Le président: Monsieur Irving et monsieur Brunsdon, j'aimerais avoir certains éclaircissements. Nous avons entendu le témoignage ici des représentants locaux et des représentants nationaux du FSC. Si je me souviens bien, les représentants locaux ont indiqué que le processus était ouvert à tous. Je me trompe peut-être, mais je suis assez sûr que le compte rendu indiquera qu'ils considéraient que tous les intervenants avaient participé au processus, qu'il s'agissait d'un processus aussi ouvert et transparent que l'exige leur mandat. Ils ont aussi indiqué—si je me souviens bien—qu'ils s'étaient conformés de près aux principes scientifiques.

• 1135

J'ai donc écouté attentivement lorsque M. Schmidt et M. St. Denis ont tous les deux essayé de comprendre ce que l'on entend par les principes scientifiques—et je ne suis pas sûr d'avoir bien compris de quoi il s'agit. J'entends ce que vous nous dites, mais j'ai entendu les représentants locaux du FSC dirent pratiquement exactement la même chose, mais sous un angle différent. Ils ont dit reconnaître les efforts de l'industrie—en particulier la vôtre—et qu'ils essaient de s'assurer que l'industrie continue effectivement à être rentable.

M. Jim Irving: Continue à...?

Le président: Continue à être rentable. Personne ne s'intéressait—je ne suis pas sûr que ce soit exactement les mots utilisés—à ce que quelqu'un expédie du bois; ils tenaient à ce que vous puissiez prospérer dans tous les secteurs de l'industrie.

Je ne suis pas sûr si mes collègues ont autant de difficulté que moi, je l'avoue, à comprendre la situation, à savoir, vous convenez que les principes scientifiques sont d'une grande importance et ils disent qu'ils observent les principes scientifiques; ils disent qu'ils ont assuré la participation de tous les intéressés et vous dites que vous voulez faire partie du processus du FSC parce que tout le monde y participe. Maintenant, comme nous l'avons déjà entendu, nous entendons dire qu'il y a une certaine absence de transparence. Mais vous êtes l'un des intervenants dans ce système.

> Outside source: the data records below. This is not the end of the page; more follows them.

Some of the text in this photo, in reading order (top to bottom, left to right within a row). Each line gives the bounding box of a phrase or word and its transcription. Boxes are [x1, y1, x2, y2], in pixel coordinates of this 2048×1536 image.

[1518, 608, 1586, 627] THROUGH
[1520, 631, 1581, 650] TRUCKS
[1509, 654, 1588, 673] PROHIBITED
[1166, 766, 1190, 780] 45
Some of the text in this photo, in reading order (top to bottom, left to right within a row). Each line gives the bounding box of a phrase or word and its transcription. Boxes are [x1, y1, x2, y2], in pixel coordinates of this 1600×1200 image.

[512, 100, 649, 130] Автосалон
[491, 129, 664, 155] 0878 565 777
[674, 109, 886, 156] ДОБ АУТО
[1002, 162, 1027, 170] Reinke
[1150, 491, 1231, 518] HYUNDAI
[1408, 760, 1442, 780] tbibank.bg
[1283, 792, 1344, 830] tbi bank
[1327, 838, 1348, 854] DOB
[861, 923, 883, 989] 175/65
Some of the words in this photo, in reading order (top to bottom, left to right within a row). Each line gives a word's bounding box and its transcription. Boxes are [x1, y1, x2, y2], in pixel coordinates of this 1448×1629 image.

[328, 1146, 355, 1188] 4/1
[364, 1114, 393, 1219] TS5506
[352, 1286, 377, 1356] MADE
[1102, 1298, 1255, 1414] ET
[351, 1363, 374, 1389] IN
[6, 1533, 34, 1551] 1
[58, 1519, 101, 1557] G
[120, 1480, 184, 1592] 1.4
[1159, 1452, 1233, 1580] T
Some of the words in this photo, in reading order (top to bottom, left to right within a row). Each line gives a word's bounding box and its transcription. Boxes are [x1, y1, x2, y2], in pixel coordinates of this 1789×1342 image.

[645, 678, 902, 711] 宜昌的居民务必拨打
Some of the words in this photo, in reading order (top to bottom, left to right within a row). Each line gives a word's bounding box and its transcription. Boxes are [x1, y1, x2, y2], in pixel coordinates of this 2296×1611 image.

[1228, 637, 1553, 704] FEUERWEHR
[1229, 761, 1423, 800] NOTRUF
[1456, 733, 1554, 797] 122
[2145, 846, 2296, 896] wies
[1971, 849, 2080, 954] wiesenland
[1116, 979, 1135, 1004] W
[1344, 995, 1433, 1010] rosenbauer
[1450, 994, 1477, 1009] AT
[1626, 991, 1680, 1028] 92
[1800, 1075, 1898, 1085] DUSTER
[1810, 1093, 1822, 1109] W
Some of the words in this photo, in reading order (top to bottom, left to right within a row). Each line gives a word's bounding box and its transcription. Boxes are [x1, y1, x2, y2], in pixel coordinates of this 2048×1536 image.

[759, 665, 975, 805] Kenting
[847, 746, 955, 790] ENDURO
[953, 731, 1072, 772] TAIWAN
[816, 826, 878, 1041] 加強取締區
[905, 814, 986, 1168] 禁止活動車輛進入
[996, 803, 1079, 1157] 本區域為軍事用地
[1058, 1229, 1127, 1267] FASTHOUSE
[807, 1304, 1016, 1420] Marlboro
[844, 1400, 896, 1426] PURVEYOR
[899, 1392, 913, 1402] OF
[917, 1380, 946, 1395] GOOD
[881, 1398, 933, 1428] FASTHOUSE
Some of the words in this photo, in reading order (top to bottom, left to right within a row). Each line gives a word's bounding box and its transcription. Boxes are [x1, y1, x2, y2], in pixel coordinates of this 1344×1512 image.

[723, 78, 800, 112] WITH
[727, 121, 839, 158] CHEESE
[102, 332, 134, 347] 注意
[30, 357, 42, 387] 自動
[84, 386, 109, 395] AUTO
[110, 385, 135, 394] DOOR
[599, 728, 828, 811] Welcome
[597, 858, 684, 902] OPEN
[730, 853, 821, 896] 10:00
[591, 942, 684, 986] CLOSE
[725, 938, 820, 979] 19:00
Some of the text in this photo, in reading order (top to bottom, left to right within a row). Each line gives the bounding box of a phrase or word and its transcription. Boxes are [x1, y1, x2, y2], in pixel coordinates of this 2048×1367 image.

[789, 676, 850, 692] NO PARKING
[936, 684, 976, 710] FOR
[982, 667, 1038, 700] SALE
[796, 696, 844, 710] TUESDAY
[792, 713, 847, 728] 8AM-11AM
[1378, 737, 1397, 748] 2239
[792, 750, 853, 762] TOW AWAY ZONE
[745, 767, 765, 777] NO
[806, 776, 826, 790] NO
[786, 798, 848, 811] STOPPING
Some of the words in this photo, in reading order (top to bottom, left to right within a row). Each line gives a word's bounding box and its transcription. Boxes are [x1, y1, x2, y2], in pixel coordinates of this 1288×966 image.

M. Blake Brunsdon: Puis-je répondre à cette question?

Le président: Bien sûr. Je vous en prie.

M. Blake Brunsdon: Vous avez parlé à un membre du FSC des Maritimes.

Le président: Ils ont été suivis immédiatement d'un représentant national du FSC.

M. Blake Brunsdon: Oh, très bien.

Le président: Mais vous avez raison, oui.

M. Blake Brunsdon: Je suis membre du FSC dans la région et je fais partie du comité local du FSC, donc je fais partie du processus, et je peux vous dire que d'après mon expérience, ce processus n'est ni ouvert ni représentatif.

La raison pour laquelle je le dis—il y a une foule de raisons—c'est que depuis que le comité a été restructuré en 1998, de nombreuses entreprises et de nombreuses associations de l'industrie ont demandé à en faire partie et leur demande a été rejetée. En fait, on n'a même pas répondu à leurs lettres. Le ministre des Ressources naturelles et de l'Énergie du Nouveau-Brunswick a demandé à être représenté au comité de manière à pouvoir participer au processus. On n'a même pas répondu à sa lettre. Le ministère des Ressources naturelles de la Nouvelle-Écosse a aussi demandé à participer au processus. Il n'a jamais reçu de réponse à sa lettre.

J'ai protesté haut et fort contre l'insuffisance de la représentation de l'industrie au sein de ce comité et j'ai demandé que la Nova Scotia Forest Products Association soit autorisée à désigner un représentant pour qu'il siège au comité. Le comité a fini par convenir que des représentants de l'industrie du bois de sciage devraient siéger au comité.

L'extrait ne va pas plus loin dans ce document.